● **Data shown**
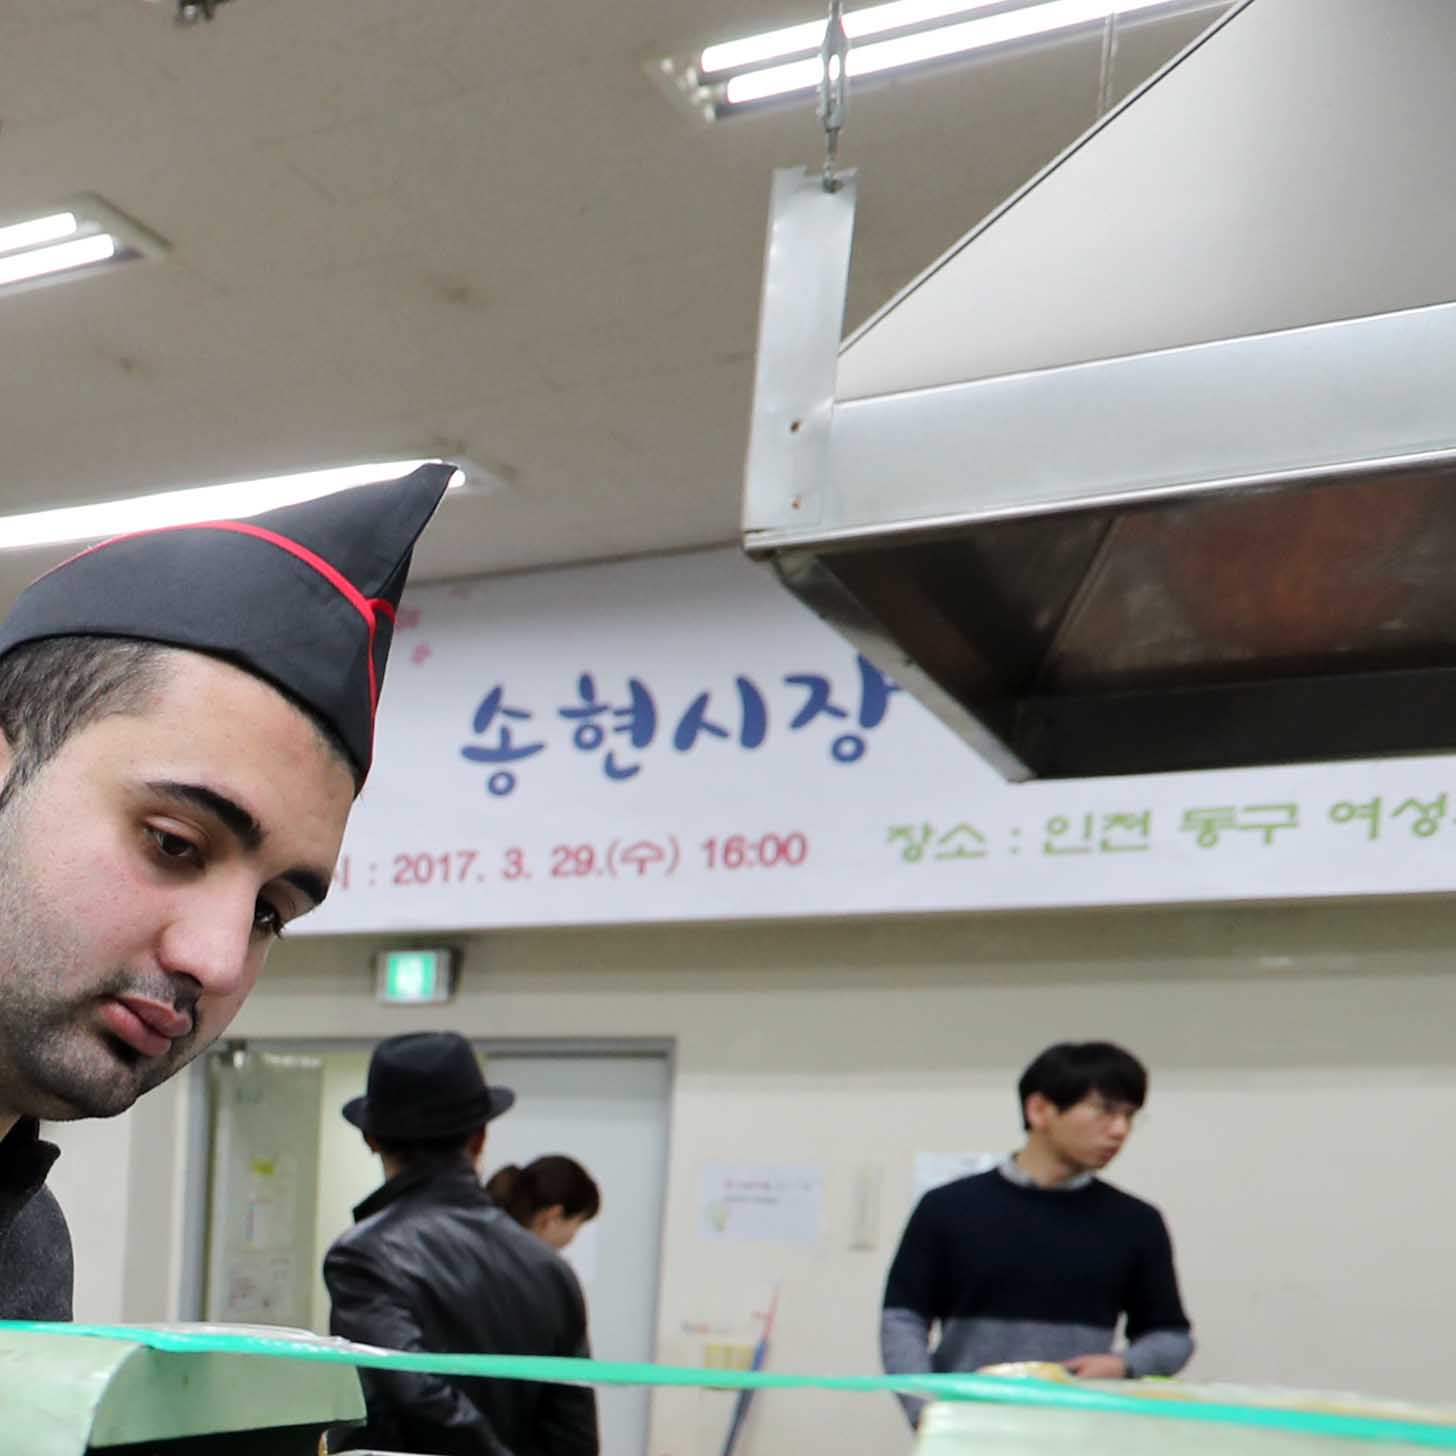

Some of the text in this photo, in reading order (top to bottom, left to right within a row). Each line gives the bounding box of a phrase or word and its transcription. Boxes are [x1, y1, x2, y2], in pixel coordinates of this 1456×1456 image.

[460, 653, 900, 797] 송현시장
[392, 849, 485, 886] 2017.
[502, 847, 532, 881] 3.
[702, 831, 809, 871] 16:00
[886, 821, 988, 864] 장소
[1043, 809, 1151, 856] 인천
[1180, 802, 1300, 849] 동구
[1328, 792, 1456, 841] 여성
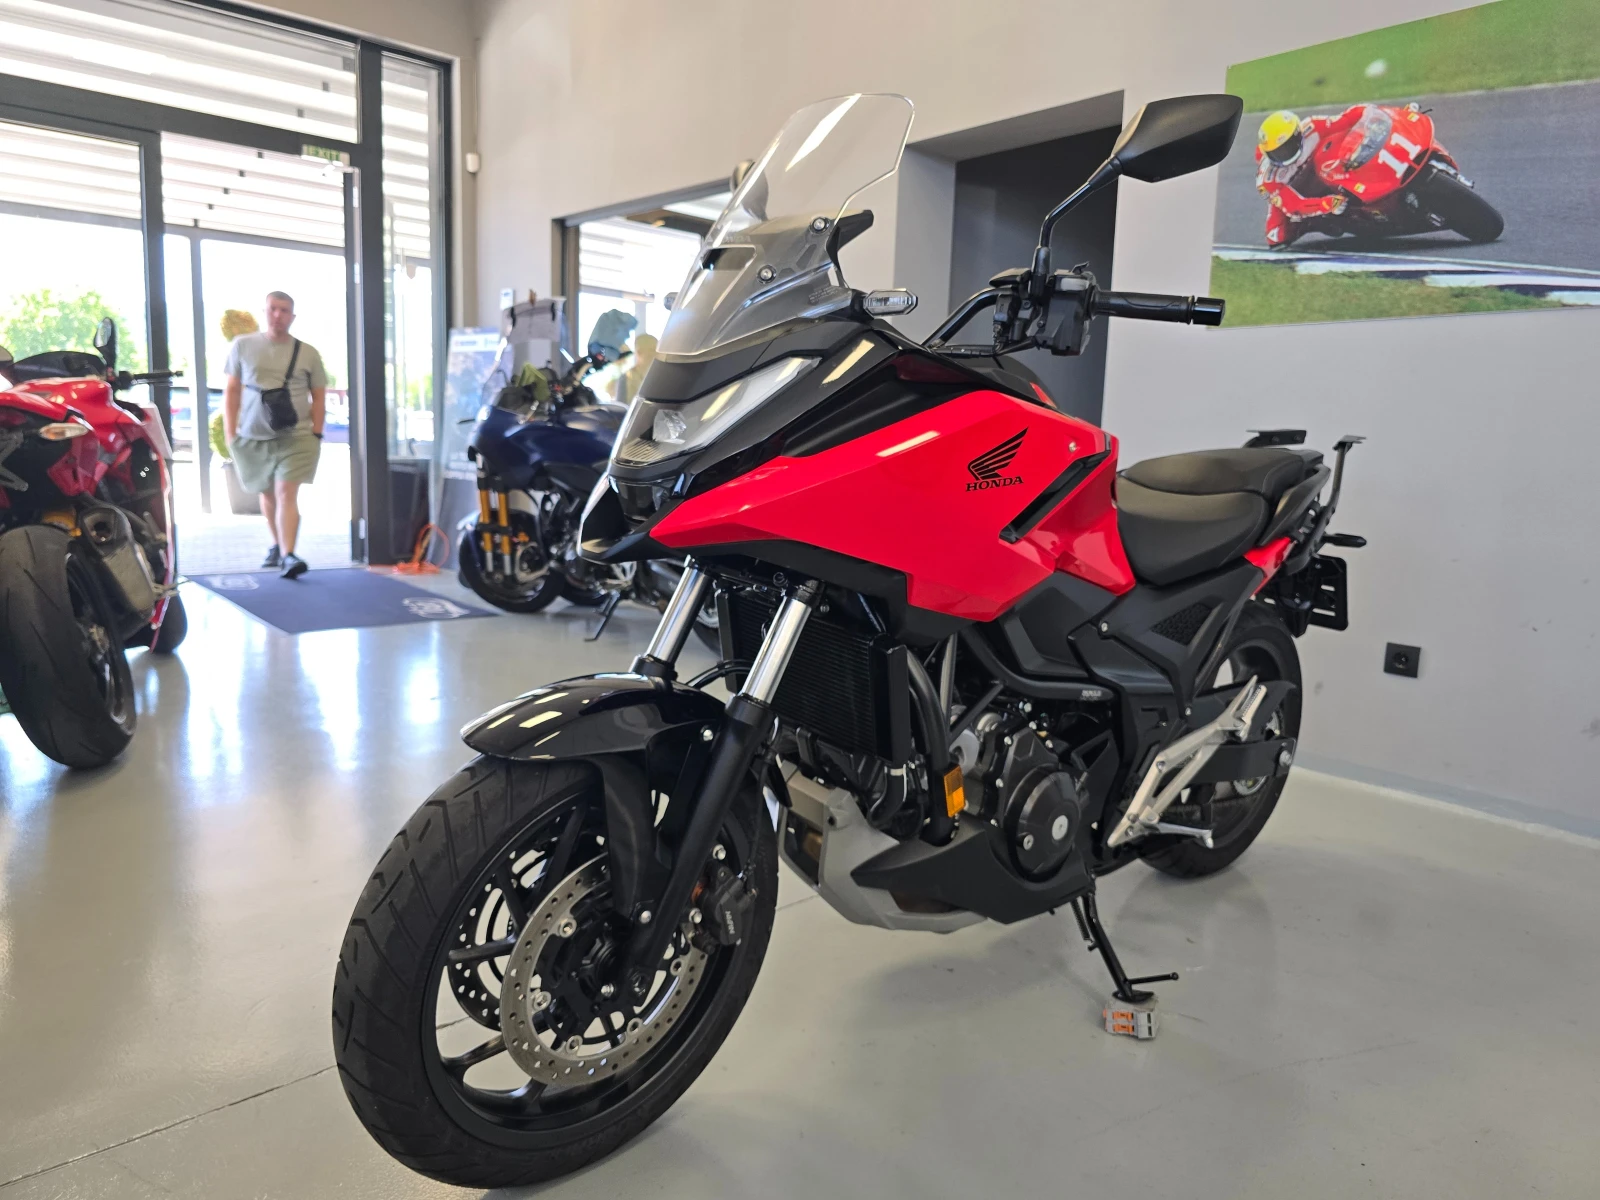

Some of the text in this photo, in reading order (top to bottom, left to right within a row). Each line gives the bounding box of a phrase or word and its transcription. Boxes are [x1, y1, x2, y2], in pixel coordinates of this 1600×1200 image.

[308, 145, 340, 161] EXIT
[1378, 132, 1421, 178] 11
[966, 476, 1024, 492] HONDA

● **What is expected**
Your task is to restate every record word for word. Omit all pictures.

● **Solution**
Some of the text in this photo, in reading order (top to bottom, left to right within a row). Each line gives the bounding box of a phrase or word and its transcription. Boxes are [x1, y1, x2, y2], in pixel coordinates of this 1456×1456 image.

[460, 653, 900, 797] 송현시장
[392, 849, 485, 886] 2017.
[502, 847, 532, 881] 3.
[702, 831, 809, 871] 16:00
[886, 821, 988, 864] 장소
[1043, 809, 1151, 856] 인천
[1180, 802, 1300, 849] 동구
[1328, 792, 1456, 841] 여성

Some of the text in this photo, in reading order (top to bottom, left to right within a row). Each line gives the bounding box of a phrase or word and its transcription. Boxes are [x1, y1, x2, y2], in pixel coordinates of this 1600×1200 image.

[308, 145, 340, 161] EXIT
[1378, 132, 1421, 178] 11
[966, 476, 1024, 492] HONDA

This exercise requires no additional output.